### WORK TO COMPLETE
Reproduce the line that contains "this 1918×1080 image." and every line after it through the end of the records, exactly, with nothing added.

(Records from a collection)
-*-*-

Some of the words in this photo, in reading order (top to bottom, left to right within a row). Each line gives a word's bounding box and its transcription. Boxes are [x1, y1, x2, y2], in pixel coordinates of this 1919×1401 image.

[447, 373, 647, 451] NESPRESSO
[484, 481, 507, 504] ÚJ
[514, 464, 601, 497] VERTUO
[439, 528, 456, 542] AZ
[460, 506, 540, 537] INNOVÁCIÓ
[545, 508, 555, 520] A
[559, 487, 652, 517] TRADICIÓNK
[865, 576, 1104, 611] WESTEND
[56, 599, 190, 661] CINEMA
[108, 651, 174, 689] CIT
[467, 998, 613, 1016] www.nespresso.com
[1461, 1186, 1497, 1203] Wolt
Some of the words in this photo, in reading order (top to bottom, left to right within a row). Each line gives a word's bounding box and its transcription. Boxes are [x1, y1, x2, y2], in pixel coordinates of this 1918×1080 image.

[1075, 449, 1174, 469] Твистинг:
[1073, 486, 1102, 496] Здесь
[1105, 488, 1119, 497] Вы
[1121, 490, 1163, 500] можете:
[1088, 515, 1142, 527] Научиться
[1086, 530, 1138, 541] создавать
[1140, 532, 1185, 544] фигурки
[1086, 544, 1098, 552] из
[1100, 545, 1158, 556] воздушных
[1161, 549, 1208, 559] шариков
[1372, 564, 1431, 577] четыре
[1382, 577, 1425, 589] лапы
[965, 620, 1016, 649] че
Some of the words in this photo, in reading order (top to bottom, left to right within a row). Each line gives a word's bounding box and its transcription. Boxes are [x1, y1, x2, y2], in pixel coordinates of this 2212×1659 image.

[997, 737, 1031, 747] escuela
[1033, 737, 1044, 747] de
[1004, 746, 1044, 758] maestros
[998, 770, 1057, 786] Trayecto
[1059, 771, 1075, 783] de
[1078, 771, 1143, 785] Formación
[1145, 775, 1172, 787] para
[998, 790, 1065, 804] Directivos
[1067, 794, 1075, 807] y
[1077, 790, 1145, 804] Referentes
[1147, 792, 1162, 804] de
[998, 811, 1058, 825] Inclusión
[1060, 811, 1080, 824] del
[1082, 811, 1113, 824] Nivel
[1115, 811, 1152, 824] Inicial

-*-*-

### TASK ANSWER
Some of the words in this photo, in reading order (top to bottom, left to right within a row). Each line gives a word's bounding box and its transcription. Boxes are [x1, y1, x2, y2], in pixel coordinates of this 1918×1080 image.

[1075, 449, 1174, 469] Твистинг:
[1073, 486, 1102, 496] Здесь
[1105, 488, 1119, 497] Вы
[1121, 490, 1163, 500] можете:
[1088, 515, 1142, 527] Научиться
[1086, 530, 1138, 541] создавать
[1140, 532, 1185, 544] фигурки
[1086, 544, 1098, 552] из
[1100, 545, 1158, 556] воздушных
[1161, 549, 1208, 559] шариков
[1372, 564, 1431, 577] четыре
[1382, 577, 1425, 589] лапы
[965, 620, 1016, 649] че
Some of the words in this photo, in reading order (top to bottom, left to right within a row). Each line gives a word's bounding box and its transcription. Boxes are [x1, y1, x2, y2], in pixel coordinates of this 2212×1659 image.

[997, 737, 1031, 747] escuela
[1033, 737, 1044, 747] de
[1004, 746, 1044, 758] maestros
[998, 770, 1057, 786] Trayecto
[1059, 771, 1075, 783] de
[1078, 771, 1143, 785] Formación
[1145, 775, 1172, 787] para
[998, 790, 1065, 804] Directivos
[1067, 794, 1075, 807] y
[1077, 790, 1145, 804] Referentes
[1147, 792, 1162, 804] de
[998, 811, 1058, 825] Inclusión
[1060, 811, 1080, 824] del
[1082, 811, 1113, 824] Nivel
[1115, 811, 1152, 824] Inicial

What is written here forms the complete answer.